# Required action:
Set the records down again, exactly, without their images.

------ Provided data

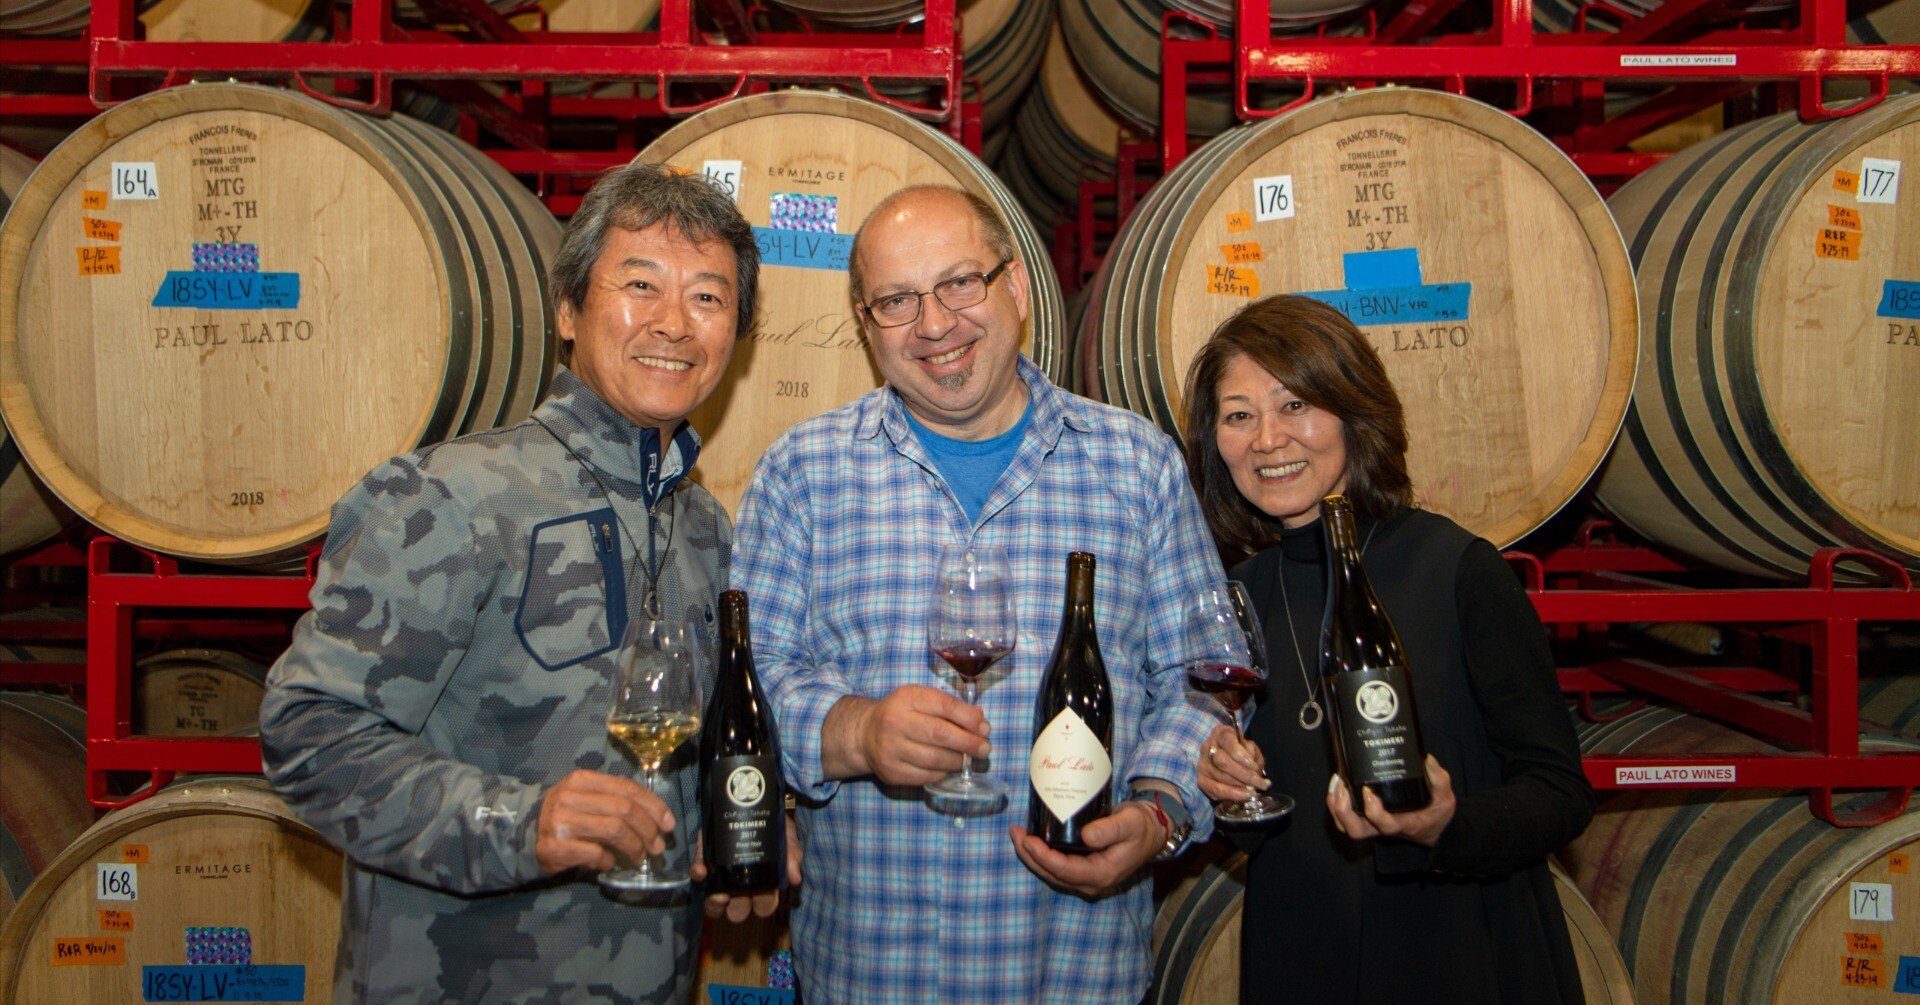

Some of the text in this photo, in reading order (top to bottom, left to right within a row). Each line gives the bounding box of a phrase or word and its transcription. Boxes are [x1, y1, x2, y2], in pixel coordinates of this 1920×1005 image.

[199, 145, 248, 155] TONNELLERIE
[1347, 149, 1398, 160] TONNELLERIE
[209, 165, 240, 174] FRANCE
[768, 166, 845, 182] ERMITAGE
[1358, 170, 1390, 178] FRANCE
[206, 178, 246, 198] MTG
[1864, 168, 1894, 197] 177
[1259, 184, 1288, 214] 176
[1354, 182, 1396, 203] MTG
[216, 226, 242, 244] 3Y
[1365, 232, 1392, 251] 3Y
[1215, 266, 1242, 282] R/R
[155, 320, 314, 348] PAUL LATO
[1392, 326, 1470, 352] LATO
[776, 380, 810, 398] 2018
[230, 491, 265, 506] 2018
[1363, 736, 1404, 748] TOKIMEKI
[1620, 769, 1732, 780] PAUL LATO WINES
[728, 820, 766, 830] TOKIMEKI
[176, 864, 251, 874] ERMITAGE
[1854, 889, 1879, 918] 179
[1846, 957, 1875, 973] R/R

------------

# Solved problem:
Some of the text in this photo, in reading order (top to bottom, left to right within a row). Each line gives the bounding box of a phrase or word and its transcription. Boxes are [x1, y1, x2, y2], in pixel coordinates of this 1920×1005 image.

[199, 145, 248, 155] TONNELLERIE
[1347, 149, 1398, 160] TONNELLERIE
[209, 165, 240, 174] FRANCE
[768, 166, 845, 182] ERMITAGE
[1358, 170, 1390, 178] FRANCE
[206, 178, 246, 198] MTG
[1864, 168, 1894, 197] 177
[1259, 184, 1288, 214] 176
[1354, 182, 1396, 203] MTG
[216, 226, 242, 244] 3Y
[1365, 232, 1392, 251] 3Y
[1215, 266, 1242, 282] R/R
[155, 320, 314, 348] PAUL LATO
[1392, 326, 1470, 352] LATO
[776, 380, 810, 398] 2018
[230, 491, 265, 506] 2018
[1363, 736, 1404, 748] TOKIMEKI
[1620, 769, 1732, 780] PAUL LATO WINES
[728, 820, 766, 830] TOKIMEKI
[176, 864, 251, 874] ERMITAGE
[1854, 889, 1879, 918] 179
[1846, 957, 1875, 973] R/R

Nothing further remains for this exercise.